(Items from a data source)
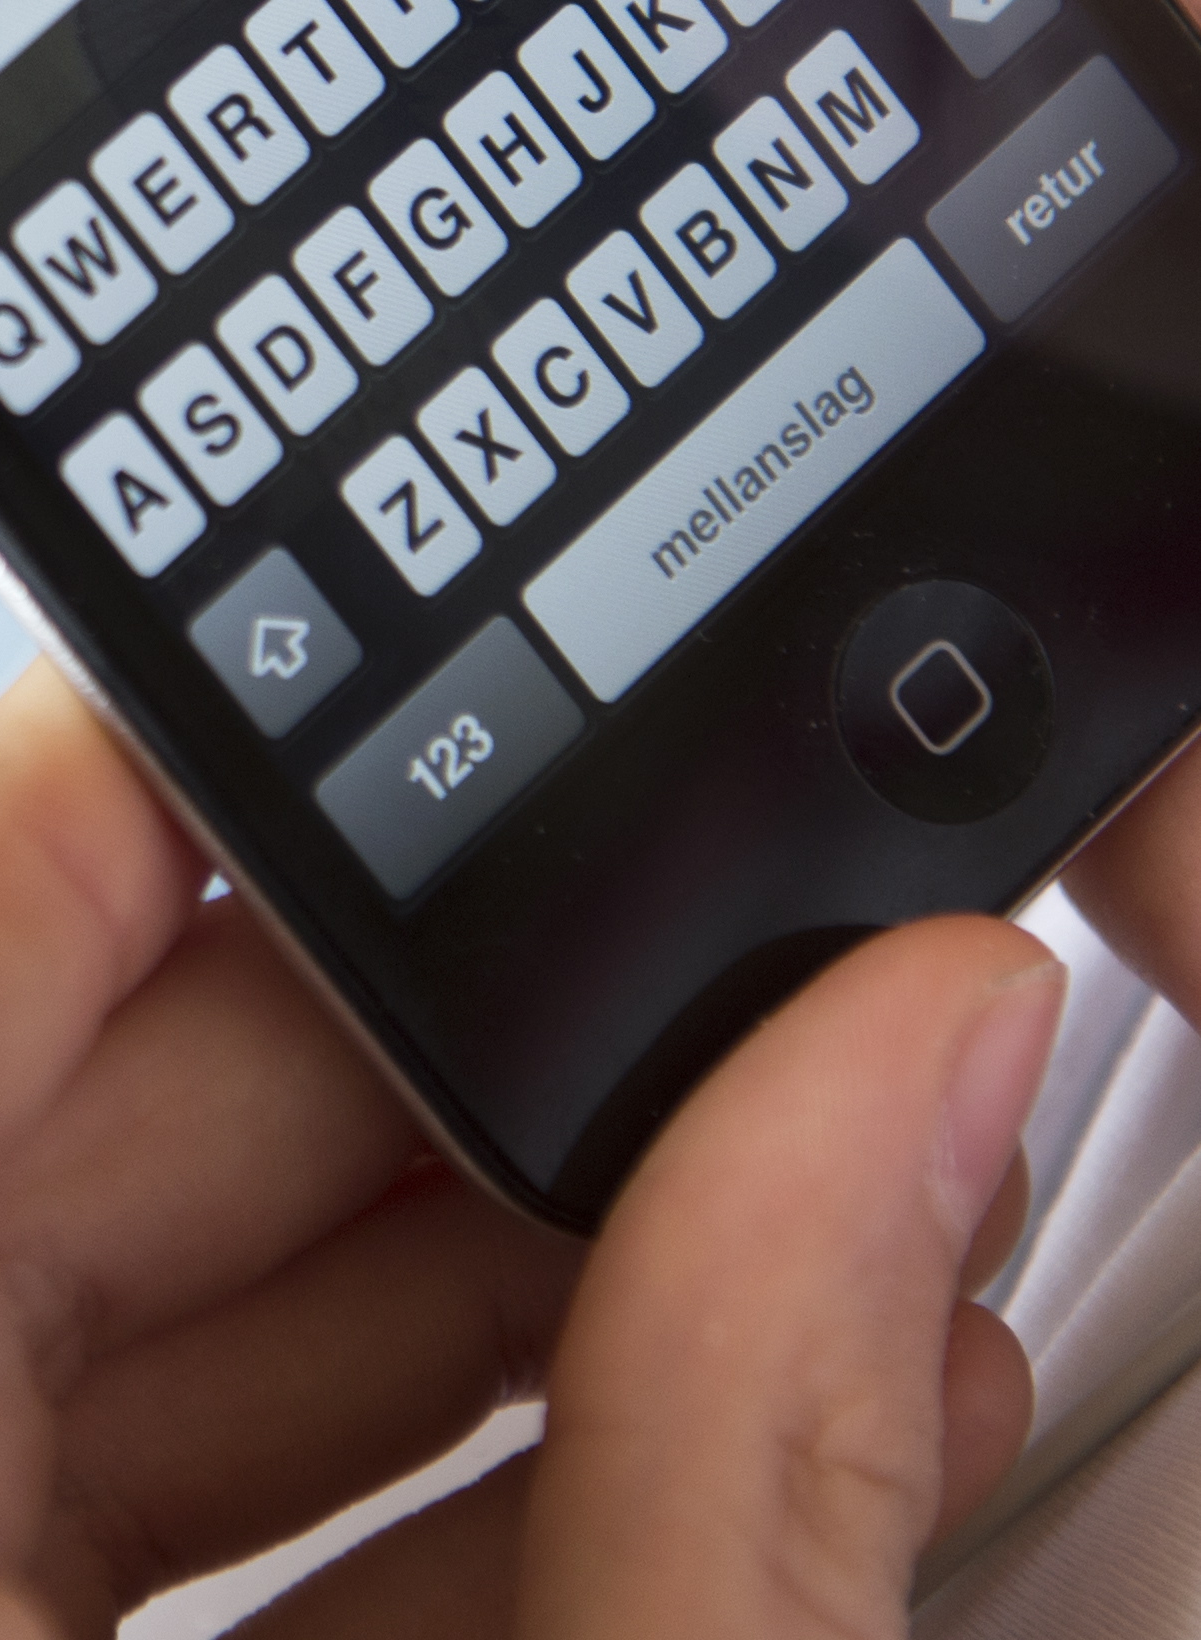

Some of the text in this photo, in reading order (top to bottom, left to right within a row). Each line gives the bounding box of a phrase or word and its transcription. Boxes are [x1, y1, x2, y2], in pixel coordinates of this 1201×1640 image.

[44, 217, 119, 297] W
[132, 156, 198, 228] E
[205, 92, 274, 162] R
[280, 19, 337, 85] T
[1003, 139, 1106, 247] retur
[111, 468, 170, 533] A
[183, 393, 242, 457] S
[253, 324, 316, 393] D
[332, 249, 379, 322] F
[408, 186, 473, 252] G
[478, 111, 548, 188] H
[575, 48, 613, 115] J
[378, 66, 891, 554] Z X C V B N M
[650, 365, 876, 579] mellanslag
[407, 713, 495, 800] 123

## Directions
The pictures alone are to be left out when the data above is copied; all else must match exactly.

## Solution to this problem
Some of the text in this photo, in reading order (top to bottom, left to right within a row). Each line gives the bounding box of a phrase or word and its transcription. Boxes are [x1, y1, x2, y2], in pixel coordinates of this 1201×1640 image.

[44, 217, 119, 297] W
[132, 156, 198, 228] E
[205, 92, 274, 162] R
[280, 19, 337, 85] T
[1003, 139, 1106, 247] retur
[111, 468, 170, 533] A
[183, 393, 242, 457] S
[253, 324, 316, 393] D
[332, 249, 379, 322] F
[408, 186, 473, 252] G
[478, 111, 548, 188] H
[575, 48, 613, 115] J
[378, 66, 891, 554] Z X C V B N M
[650, 365, 876, 579] mellanslag
[407, 713, 495, 800] 123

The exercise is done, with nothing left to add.